Description
This Roasted Butternut Squash Apple Soup combines the natural sweetness of roasted butternut squash and tart Granny Smith apples with savory sage and a hint of cream for a comforting, flavorful fall soup. Perfectly roasted and blended into a smooth, creamy texture, this soup is garnished with crunchy roasted pepitas for added texture and nutrition.
Ingredients
Scale
For Roasting Butternut Squash
- 1 large butternut squash (or 2 small, total 4 lbs)
- 1 tablespoon butter (melted)
- Salt (to season)
- Black pepper (to season)
Soup Base
- 2 Granny Smith apples (peeled, cored, and chopped)
- 1 large onion (chopped)
- 1 tablespoon butter
- 8 sage leaves (fresh, minced, or 1-2 tablespoons dried sage)
- 3 cups vegetable or chicken broth
- 2 cups water
- 1 & 1/2 teaspoons salt (plus extra to taste)
- 1/4 teaspoon black pepper (plus extra to taste)
Finishing Touches
- 1/3 cup cream
- 1/2 cup roasted pepitas (pumpkin seeds, to garnish)
Instructions
- Preheat Oven: Preheat your oven to 425 degrees Fahrenheit to prepare for roasting the butternut squash.
- Prepare Baking Sheet: Line a baking sheet with aluminum foil to prevent sticking and simplify cleanup.
- Cut Squash: Carefully cut the butternut squash in half lengthwise, cutting from the top down to reveal the flesh.
- Roast Squash: Place the squash halves cut-side up on the foil-lined baking sheet. Brush the flesh with 1 tablespoon of melted butter, seasoning generously with salt and pepper. Roast in the preheated oven for 50-60 minutes, until the flesh is soft and easily pierced with a knife. Remove from oven and set aside.
- Prepare Aromatics: While the squash roasts, chop the apples and onion to be used in the soup base.
- Sauté Apples and Onions: In a large pot or Dutch oven, melt 1 tablespoon butter over medium heat. Add the chopped apples, onions, and sage. Season with salt and pepper to taste and cook for 7-10 minutes, stirring occasionally until softened. If the squash is not ready, remove pot from heat and set aside.
- Add Squash Flesh: Using a spoon, scoop the roasted squash flesh from the skins and add it to the pot with the sautéed apples and onions. Discard the skins.

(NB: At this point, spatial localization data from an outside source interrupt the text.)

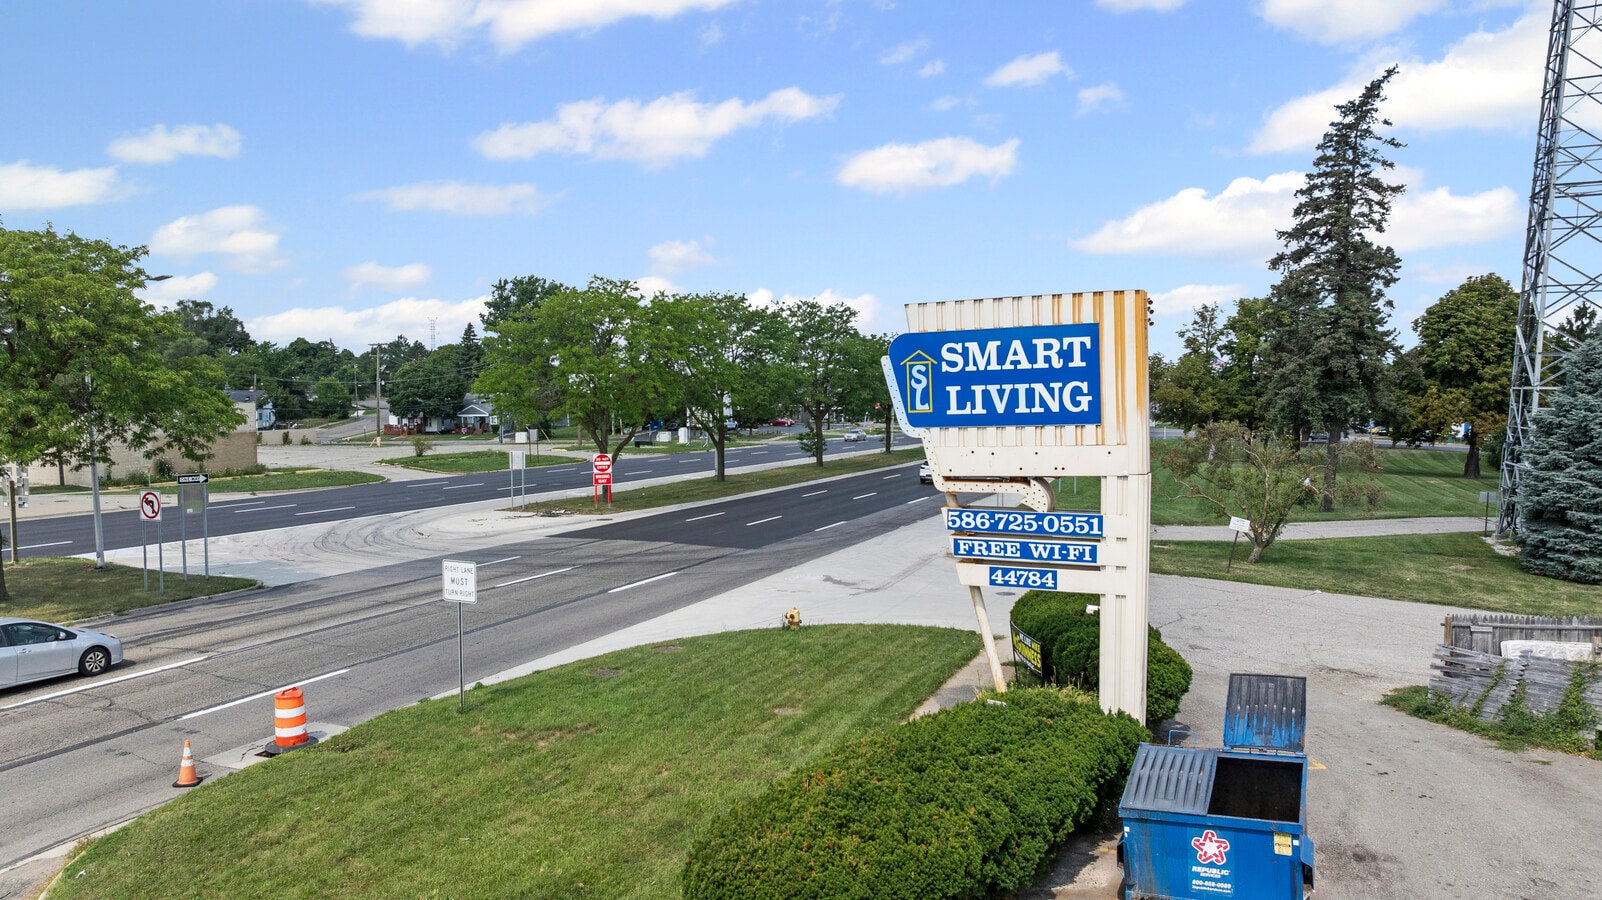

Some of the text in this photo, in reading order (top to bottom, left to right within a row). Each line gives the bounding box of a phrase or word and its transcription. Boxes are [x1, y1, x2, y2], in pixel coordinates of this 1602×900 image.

[941, 336, 1091, 373] SMART
[946, 381, 1092, 415] LIVING
[947, 511, 1102, 534] 586-725-0551
[957, 540, 1093, 561] FREE WI-FI
[445, 565, 474, 575] RIGHT LANE
[991, 569, 1055, 588] 44784
[450, 577, 468, 586] MUST
[445, 588, 475, 598] TURN RIGHT
[1192, 866, 1229, 876] REPUBLIC

- Add Liquids and Seasonings: Pour in the broth and water, then add 1 & 1/2 teaspoons salt and 1/4 teaspoon black pepper. Stir well.
- Simmer Soup: Bring the mixture to a boil over medium-high heat, then reduce heat to medium-low and simmer for 15-20 minutes. Stir occasionally, breaking up any large squash pieces to help the flavors meld.
- Add Cream: Remove the pot from heat and stir in the cream to enrich the soup.
- Blend Soup: Blend the soup until smooth using an immersion blender directly in the pot. Alternatively, transfer the soup in batches to a regular blender, covering the spout with a kitchen towel to allow steam to escape, and blend until creamy. Return to the pot once blended.
- Reheat if Needed: Warm the soup gently if it has cooled during blending.
- Garnish and Serve: Ladle the soup into bowls and garnish with roasted pepitas and an optional drizzle of additional cream. Serve warm.
Notes
- Use fresh or dried sage according to your preference; both work well.
- For a vegetarian version, use vegetable broth instead of chicken broth.
- Be careful when blending hot soup; covering the blender spout with a towel allows steam to escape safely.
- You can substitute the cream with coconut cream or a plant-based alternative for a dairy-free version.
- Roasting the squash caramelizes the natural sugars, adding depth of flavor to the soup.
- Adjust salt and pepper to your taste, as broth brands vary in saltiness.